**What is expected**
Will you output the entries below exactly, skipping every image they contain?

(Beginning of Data supplied)

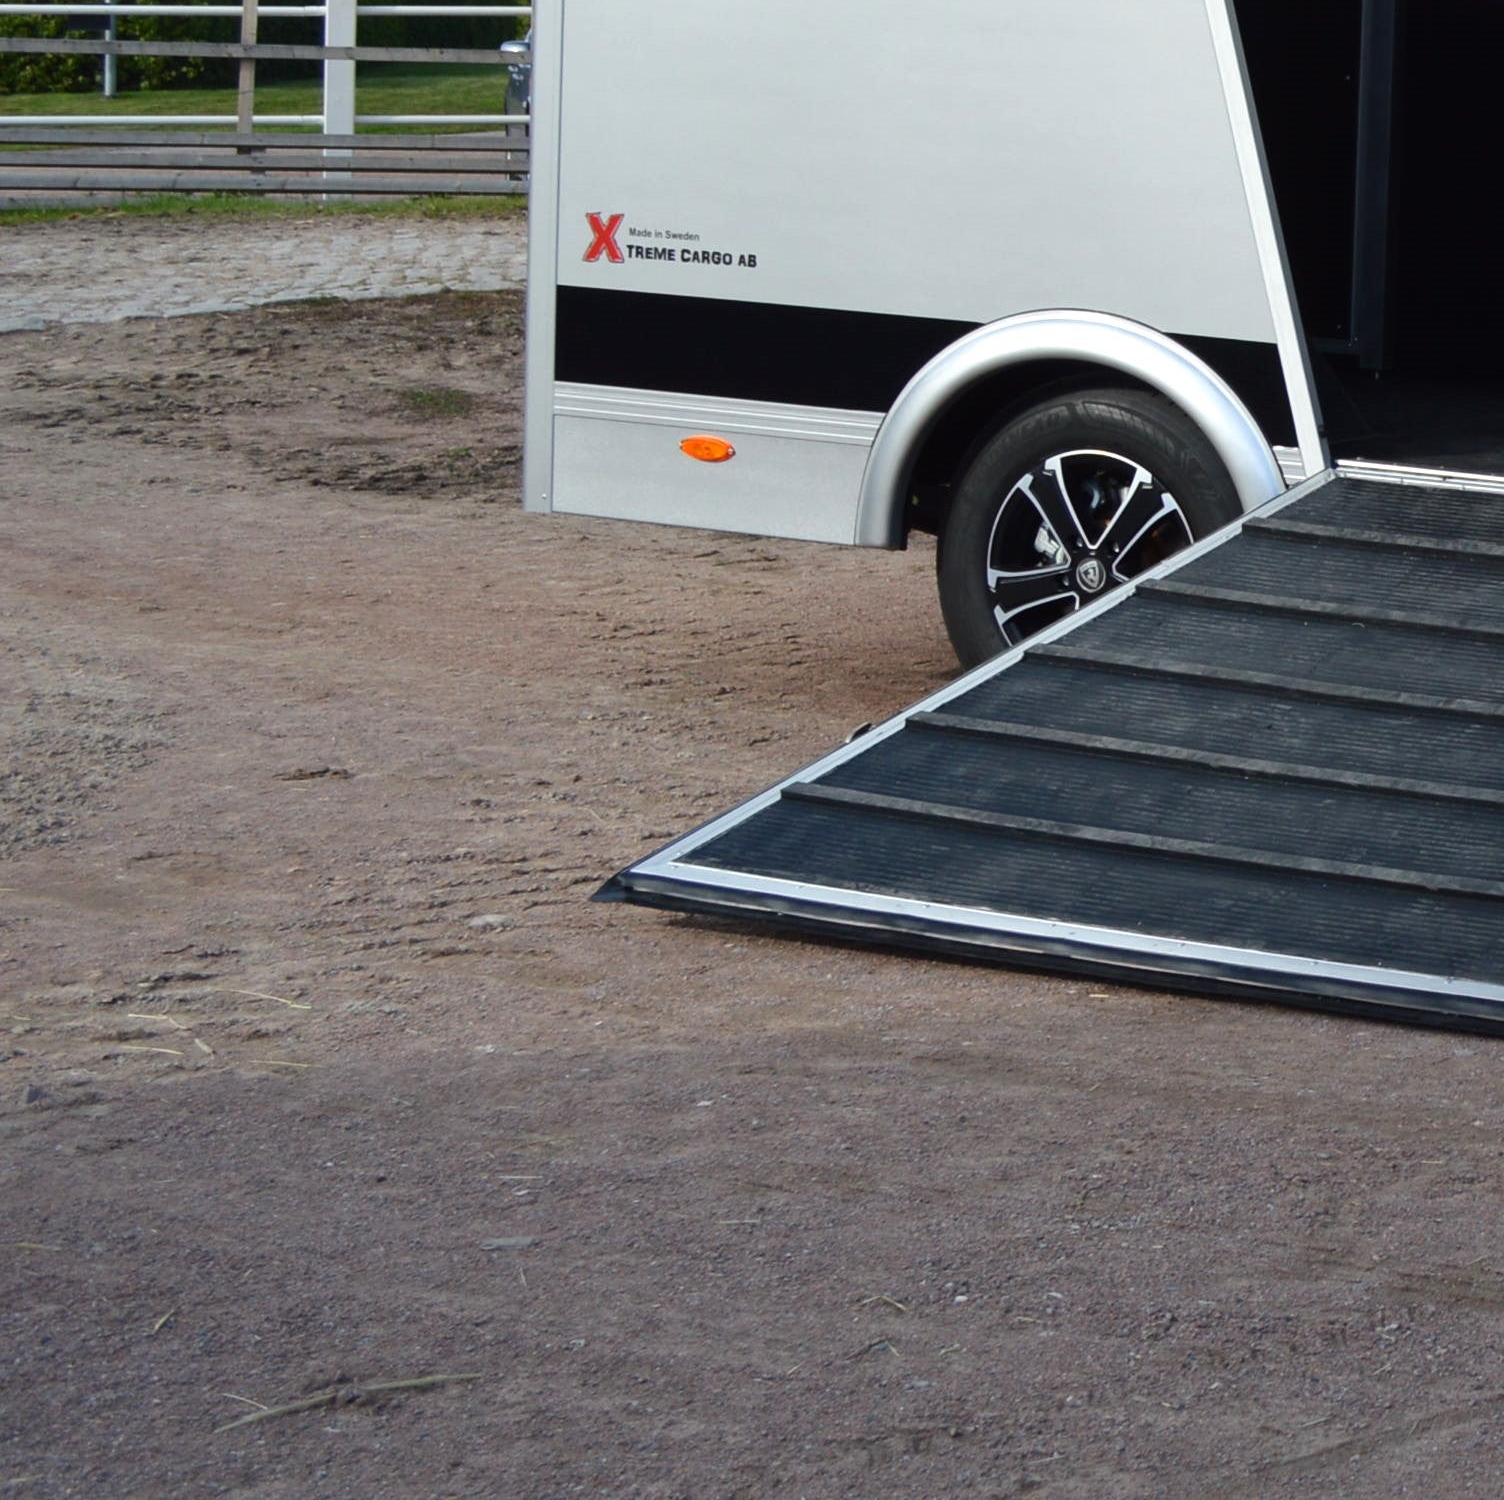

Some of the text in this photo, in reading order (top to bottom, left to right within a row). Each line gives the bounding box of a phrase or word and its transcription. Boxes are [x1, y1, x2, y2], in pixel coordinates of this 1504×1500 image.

[629, 227, 700, 241] Made in Sweden
[680, 249, 733, 266] CARGO
[738, 254, 758, 268] AB
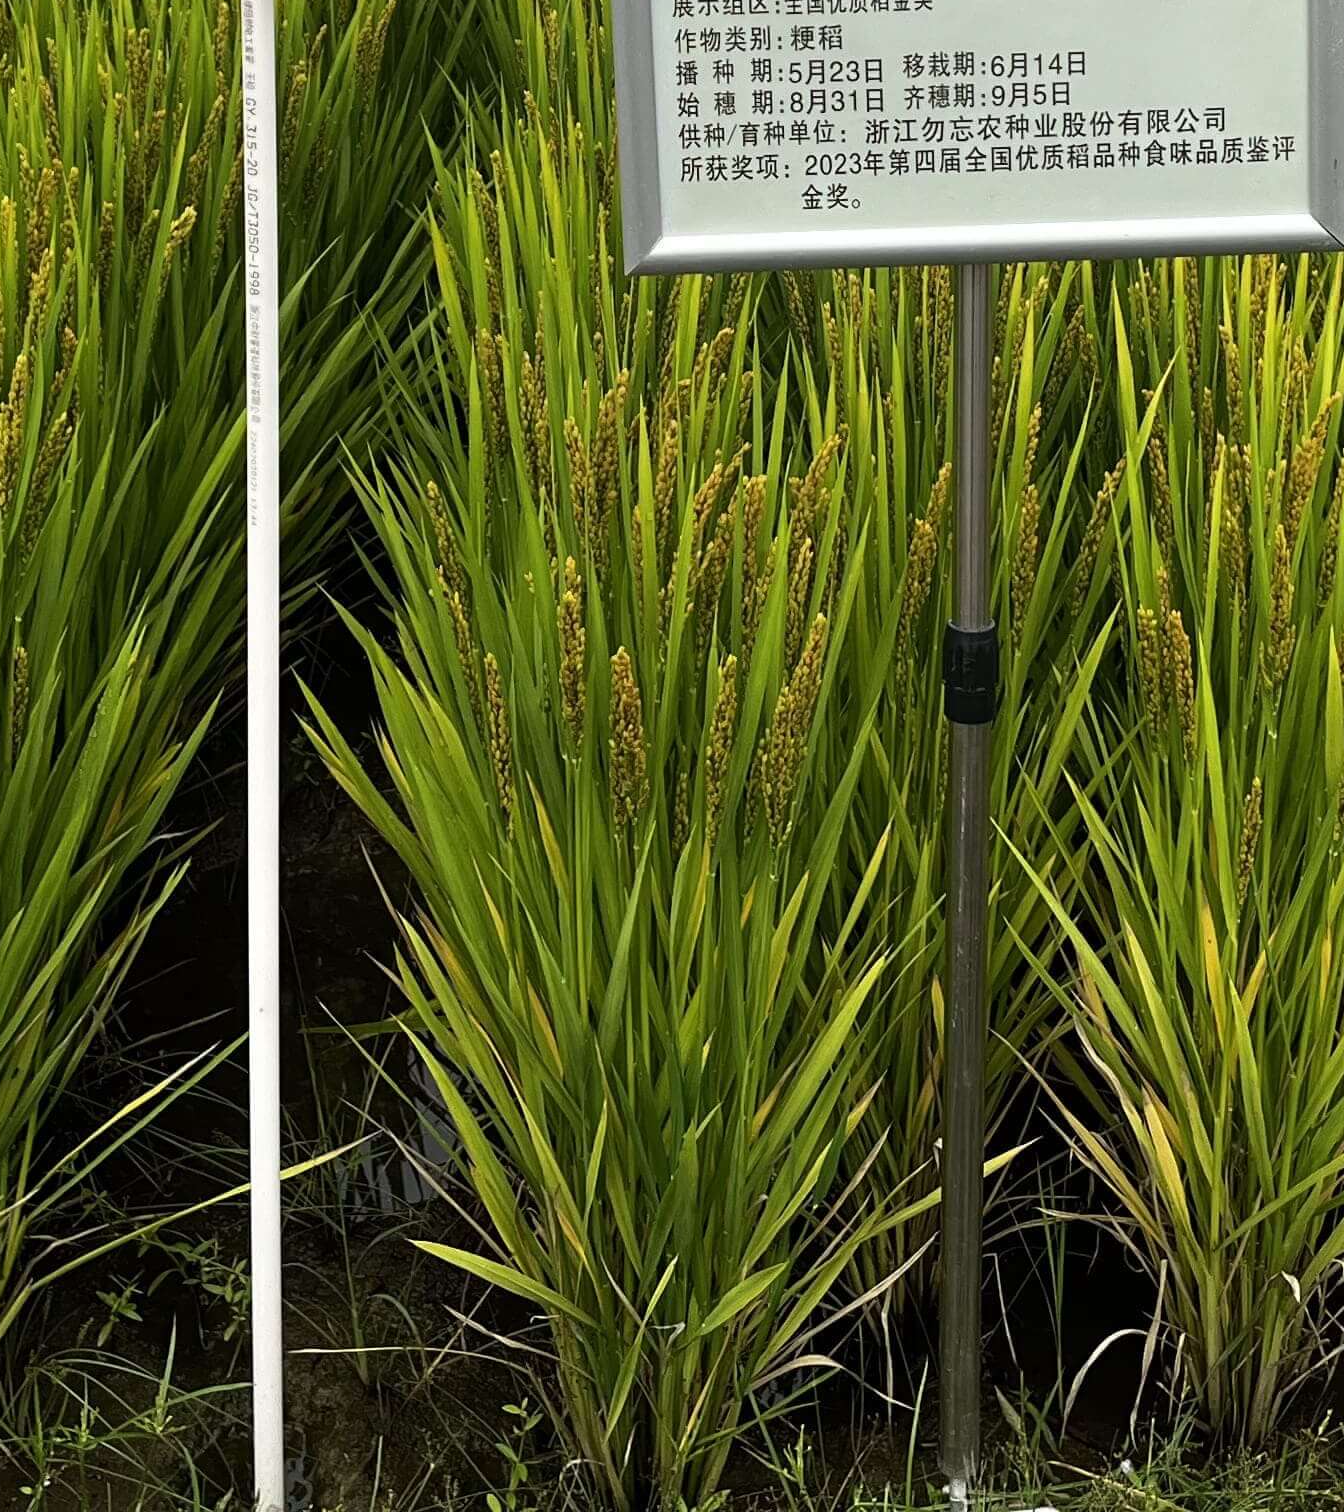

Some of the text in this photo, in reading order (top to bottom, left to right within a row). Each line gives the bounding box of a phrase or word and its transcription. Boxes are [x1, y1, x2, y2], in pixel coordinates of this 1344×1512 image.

(End of Data supplied)

**Output below**
Some of the text in this photo, in reading order (top to bottom, left to right within a row). Each line gives the bounding box of a phrase or word and its transcription. Boxes are [x1, y1, x2, y2], in pixel coordinates of this 1504×1500 image.

[629, 227, 700, 241] Made in Sweden
[680, 249, 733, 266] CARGO
[738, 254, 758, 268] AB

Some of the text in this photo, in reading order (top to bottom, left to right within a row). Each line gives the bounding box of a phrase or word and its transcription. Boxes are [x1, y1, x2, y2], in pixel coordinates of this 1344×1512 image.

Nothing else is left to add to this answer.